In order to establish common ground, Svetlana gathered various experts around a round table: human rights representatives, scientists, journalists, religious scholars and interested citizens exchanged information about legal bases and existing local projects and thus contributed to clarifying the role of politics and media.


Tangible results

Based on the results of the expert discussion, Svetlana and some supporters organised a four-day training course for school children from the suburbs of the Kyrgyz capital Bishkek. Guided by expert instructors, the students discussed stereotypical gender roles that can take the form of discrimination or domestic violence.

Almost all participants brought personal experience to the workshop. Many of them knew kidnap victims personally or even men involved in a kidnapping. During the workshop they had the opportunity to exchange their experiences. By the end of the training course many participants were convinced that they did not want to participate in an abduction and would even seek to protect people at risk.

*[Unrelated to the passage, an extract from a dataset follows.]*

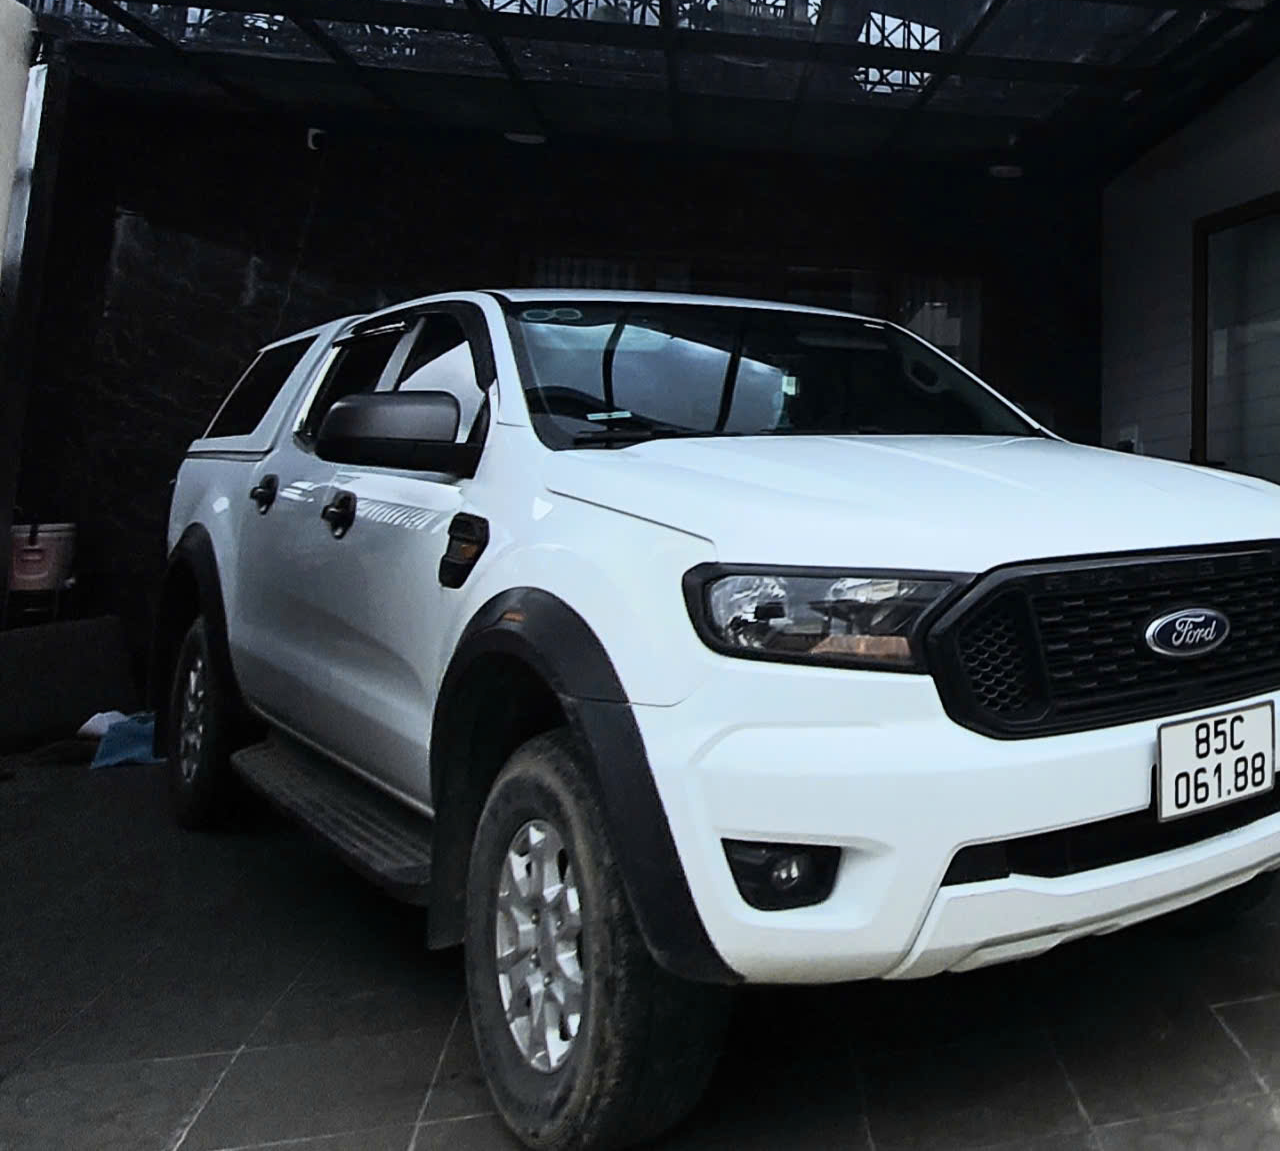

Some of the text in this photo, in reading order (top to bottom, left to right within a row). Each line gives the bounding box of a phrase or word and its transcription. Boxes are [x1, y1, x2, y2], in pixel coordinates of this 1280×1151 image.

[1172, 616, 1216, 646] Ford
[1195, 715, 1245, 759] 85C
[1174, 752, 1265, 809] 061.88

In addition to the workshop, Russian and Kyrgyz information brochures were produced and distributed in more than 40 schools and seven cities across the country. The brochures are particularly intended to target younger boys and girls, informing them about the alleged custom "Ala kachuu".

At one point the number 155 can be read in large letters. The number represents the article of the Kyrgyz Penal Code that states that the abduction of a woman with the intention of marriage may carry a prison sentence of five to seven years. "Let the criminal know this!" is the demand in the brochure. "The article is public, which means that every witness – not just the victim – has the right to report the crime."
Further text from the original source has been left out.